Chemokines act as chemoattractants to guide the migration of cells. They play critical roles in immune response. Notably, one chemokine could bind to many receptors, and various chemokines also could activate the same chemokine receptor. Usually, some members like CXCL12 could regulate the directional migration of leukocytes, both in normal and pathological conditions. Importantly, the chemokines could participate in the occurrence of many diseases, like inflammation, cancer and AIDS.

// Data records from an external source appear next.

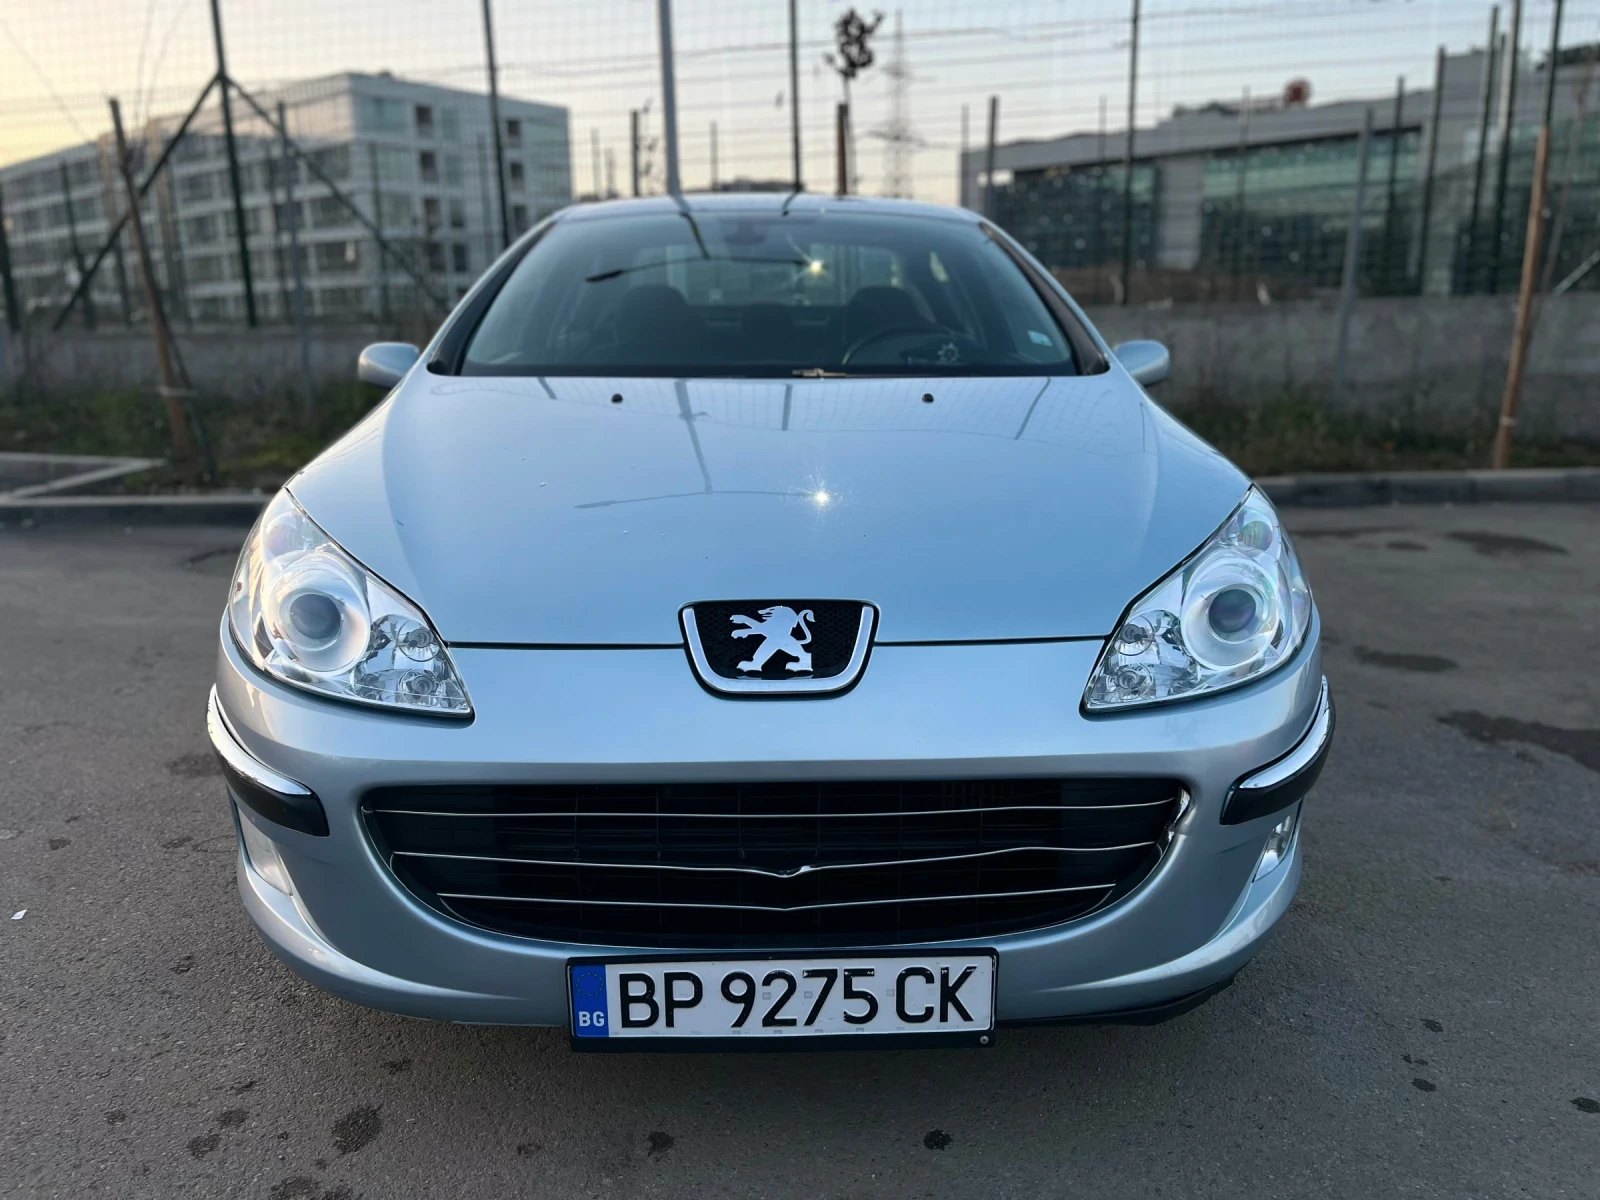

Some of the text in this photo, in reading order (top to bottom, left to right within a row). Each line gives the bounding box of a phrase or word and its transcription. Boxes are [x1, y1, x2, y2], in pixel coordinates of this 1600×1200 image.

[619, 966, 977, 1028] BP 9275 CK
[578, 1010, 605, 1027] BG
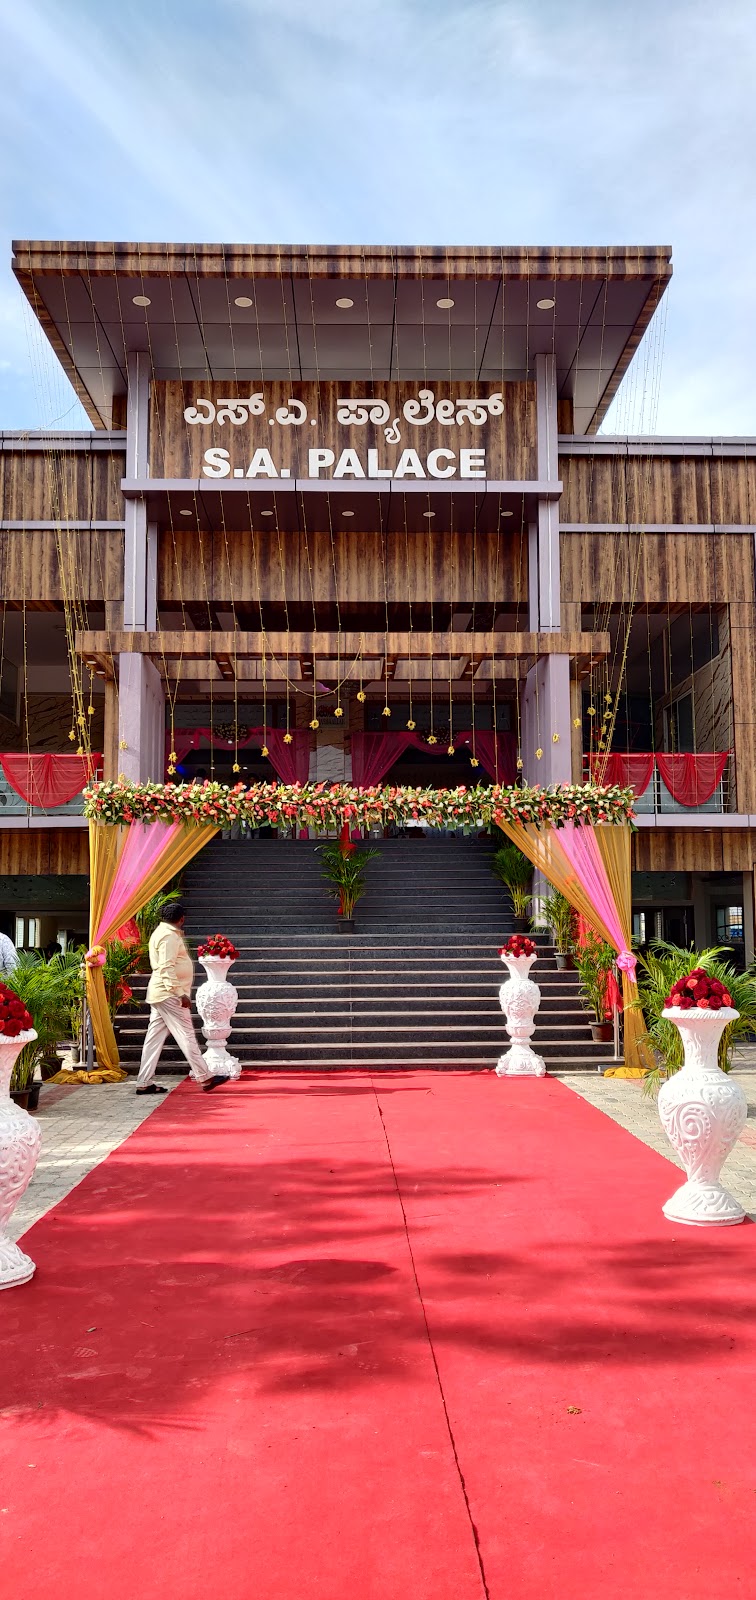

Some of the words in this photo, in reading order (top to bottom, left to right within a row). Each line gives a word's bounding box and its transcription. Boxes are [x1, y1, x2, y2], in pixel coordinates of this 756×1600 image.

[336, 389, 505, 445] ಪ್ಯಾಲೇಸ್
[202, 447, 291, 479] S.A.
[308, 447, 487, 479] PALACE

A research from Pierre Regenass, et al. described a systematic SAR study. This study discovered the first orally active, selective neutraligand (LIT-927) of CXCL12. In the study, authors isolated the compound from an allergic airway eosinophilic inflammation in the mouse. Then, LIT-927 is identified as a locally and orally active CXCL12 neutraligand. Besides, the compound has potent anti-inflammatory effect. The Ki value of LIT-927 for CXCL12 binding to its receptor CXCR4 was 267 nM. Meanwhile, the neutraligand is one of the most potent and soluble cyclic neutraligands. It bound to a wide and accessible pocket, incompatible with the observed nanomolar binding affinities of the neutraligands. In vivo, LIT-927 reduces eosinophil recruitment in a murine model of allergic airway hypereosinophilia. Moreover, LIT-927 represents a powerful tool to investigate CXCL12 physiology in vivo. It could explore the activity of chemokine neutralization in related disease models.

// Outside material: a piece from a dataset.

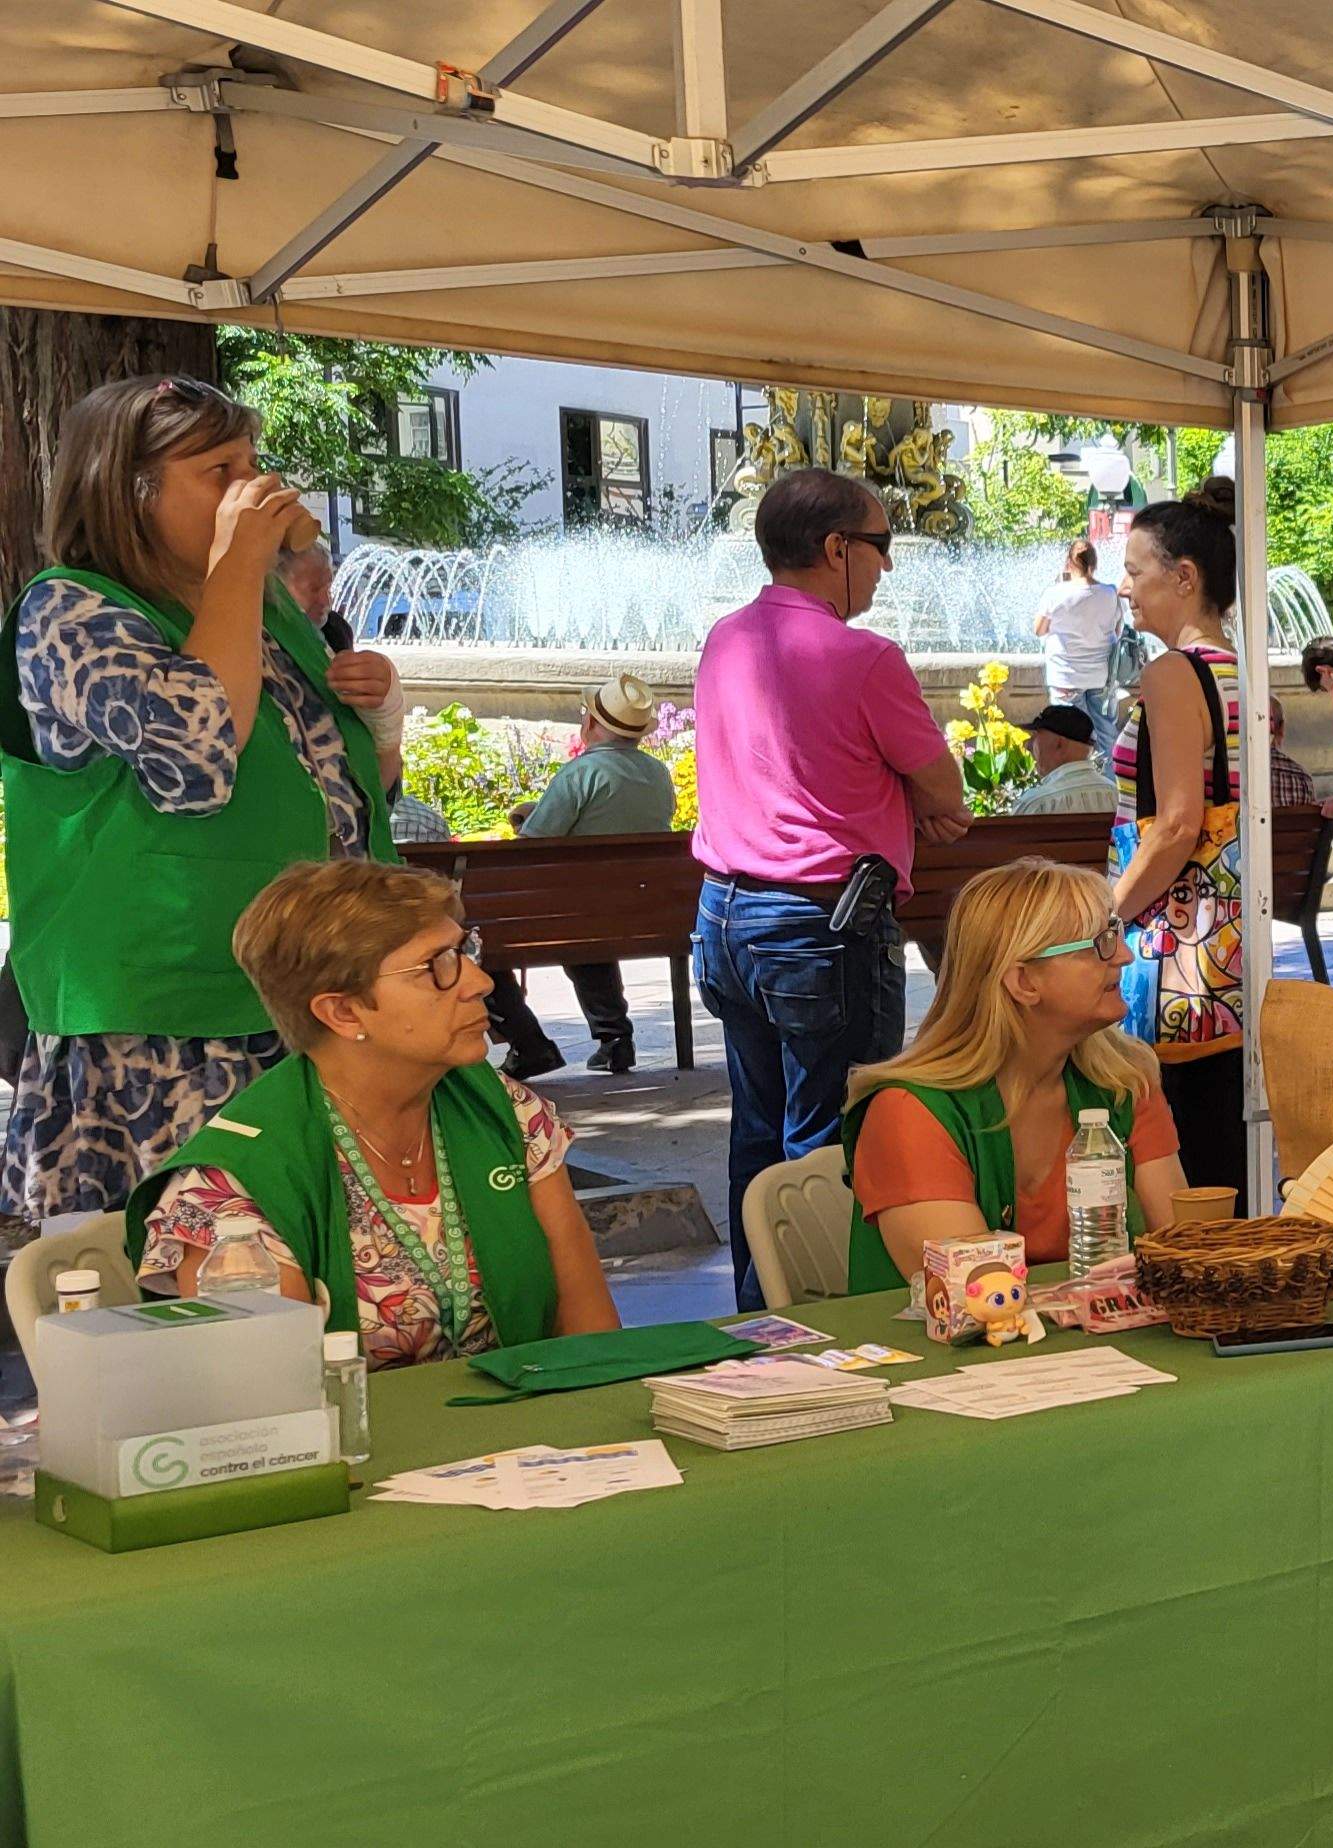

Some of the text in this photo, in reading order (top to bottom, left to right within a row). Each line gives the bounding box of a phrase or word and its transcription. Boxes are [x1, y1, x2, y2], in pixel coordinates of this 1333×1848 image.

[199, 1426, 279, 1447] asociación
[200, 1443, 269, 1462] española
[200, 1450, 320, 1478] contra el cáncer

Over time, increasing studies have shown that identifying small molecules able to bind chemokines only to neutralize their function is feasible. Hopefully, in the mouse model of allergic eosinophilic asthma, LIT-927 is more potent at reducing eosinophil recruitment, with very low doses after intra-nasal administration (IC50 = 300 nM/kg). Moreover, LIT-927, the first orally active CXCL12 neutraligand, has anti-inflammatory activity. Altogether, LIT-927 is a stable and orally active pharmacological tool, which is used to investigate the functions associated with the CXCL12.